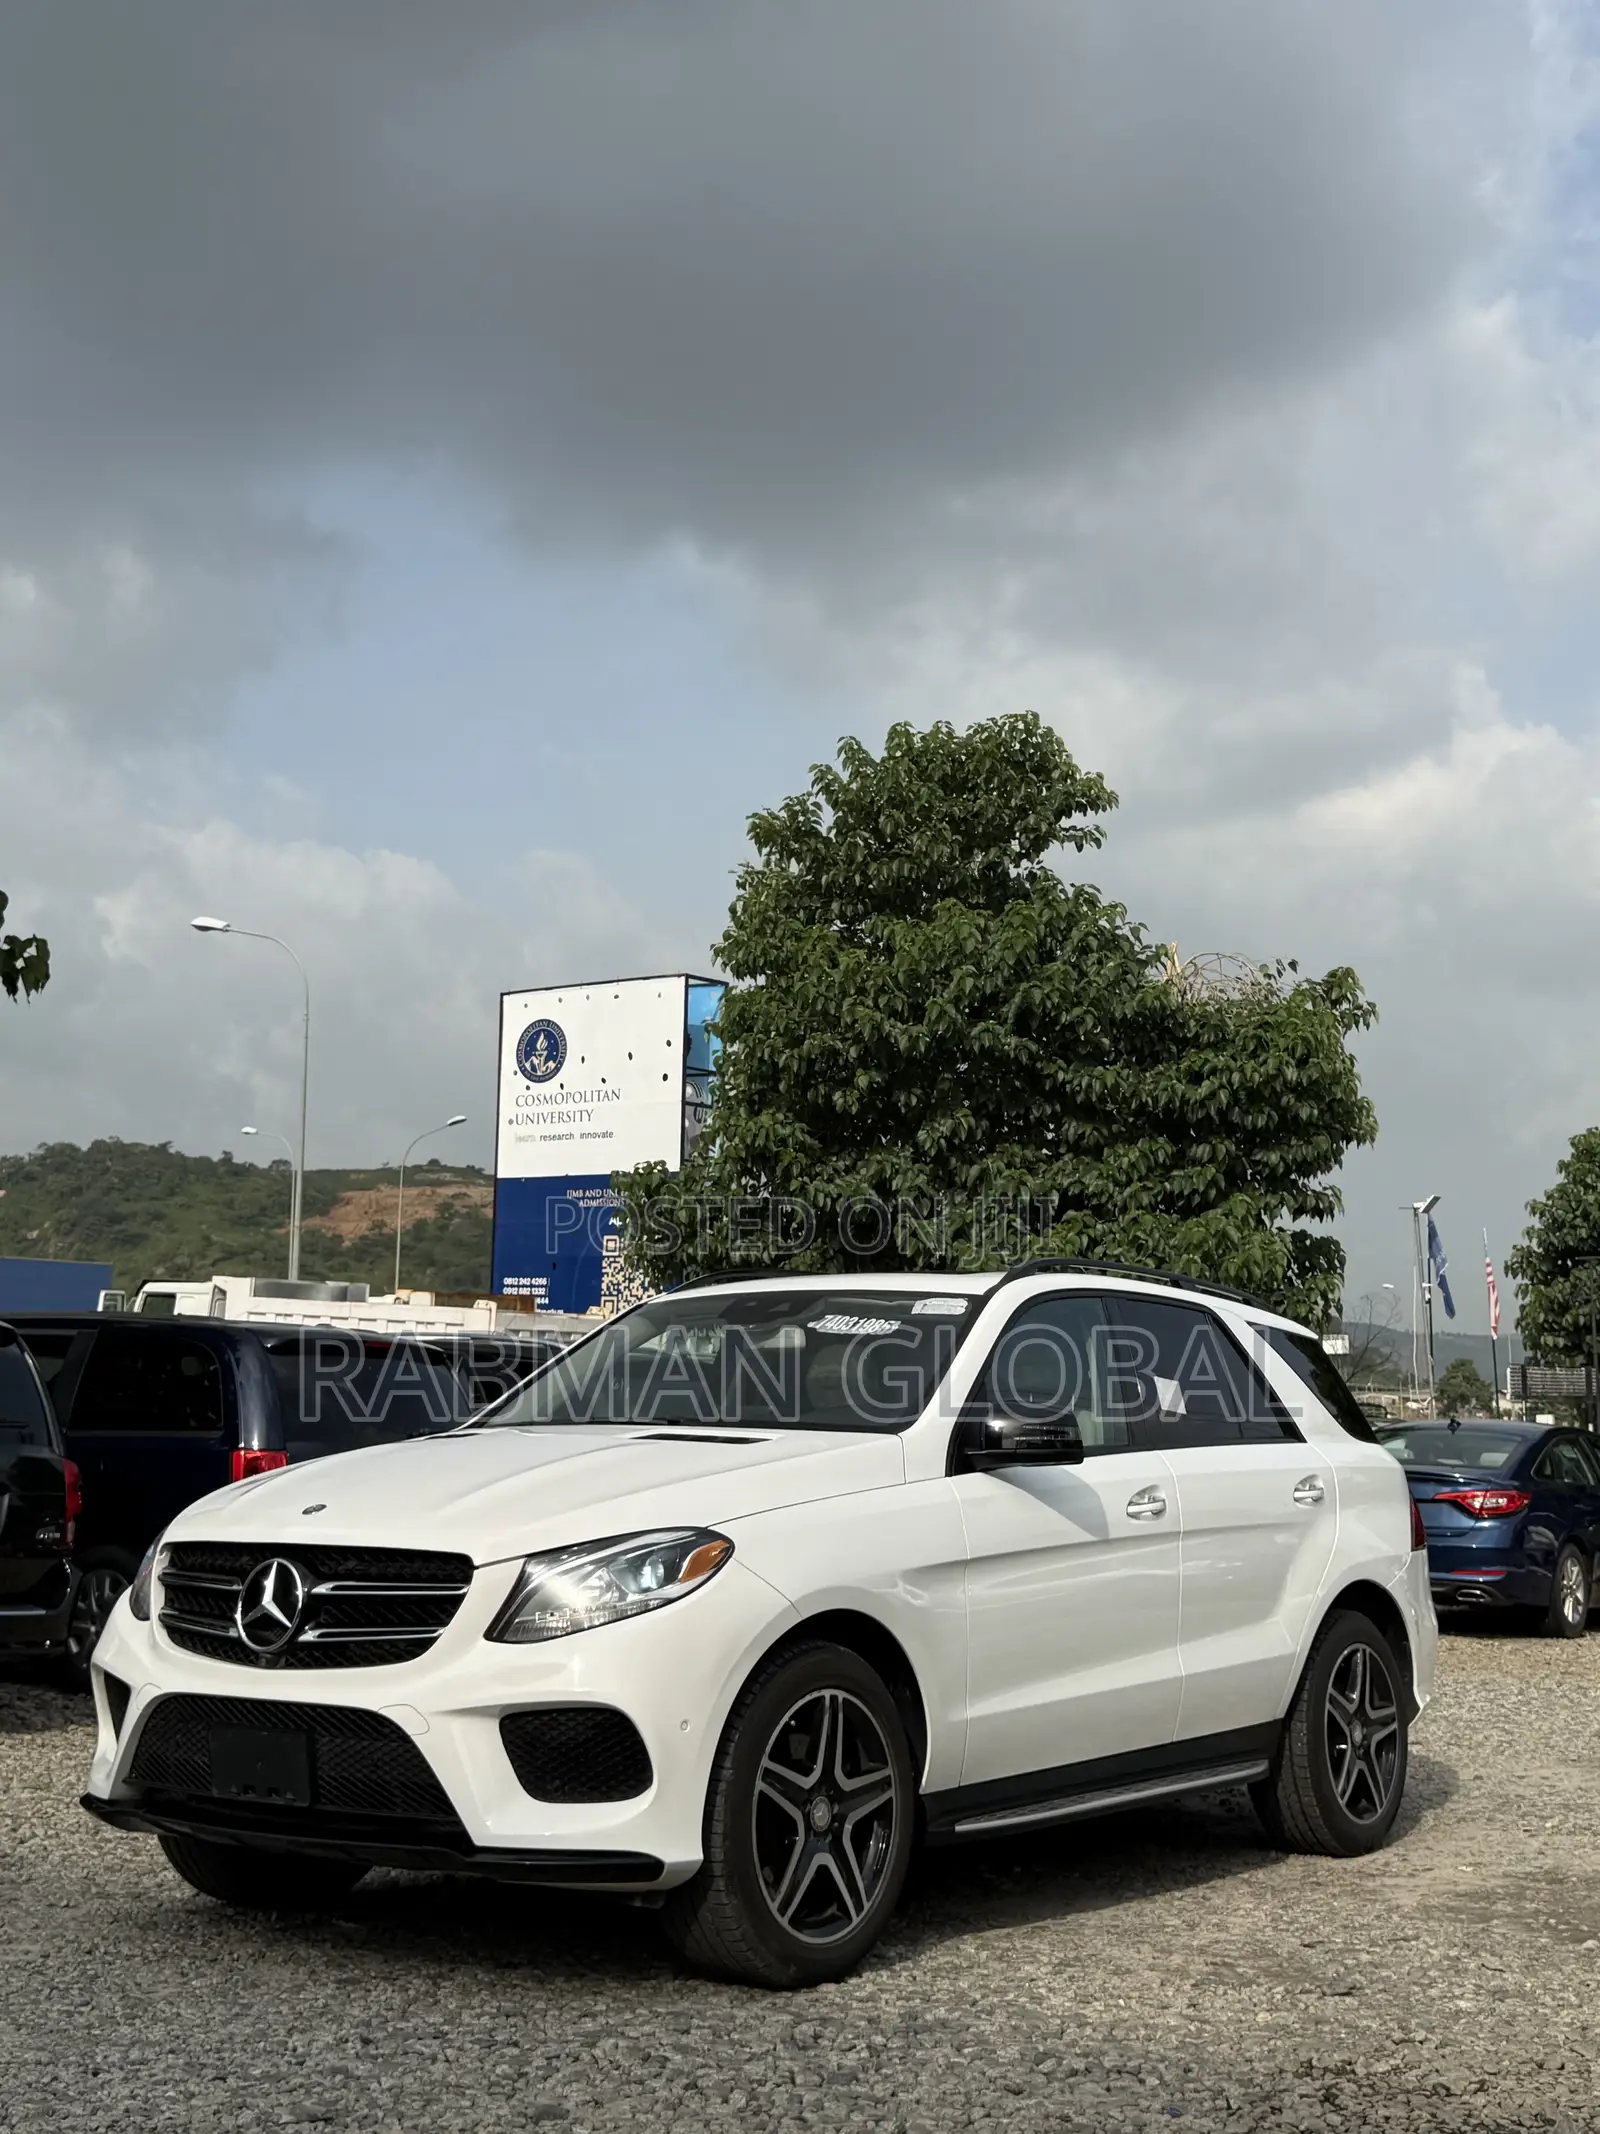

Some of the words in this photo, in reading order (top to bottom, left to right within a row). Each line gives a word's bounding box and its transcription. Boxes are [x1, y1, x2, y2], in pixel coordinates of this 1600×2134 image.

[515, 1088, 621, 1107] COSMOPOLITAN
[515, 1109, 594, 1126] UNIVERSITY
[585, 1189, 602, 1198] AND
[579, 1198, 625, 1207] ADMISSIONS

# # # # #

Word for word, write out the whole listing, keeping none of the pictures.

Some of the words in this photo, in reading order (top to bottom, left to right within a row). Each line gives a word's bounding box and its transcription. Boxes are [x1, y1, x2, y2], in pixel coordinates of this 1600×2134 image.

[515, 1088, 621, 1107] COSMOPOLITAN
[515, 1109, 594, 1126] UNIVERSITY
[585, 1189, 602, 1198] AND
[579, 1198, 625, 1207] ADMISSIONS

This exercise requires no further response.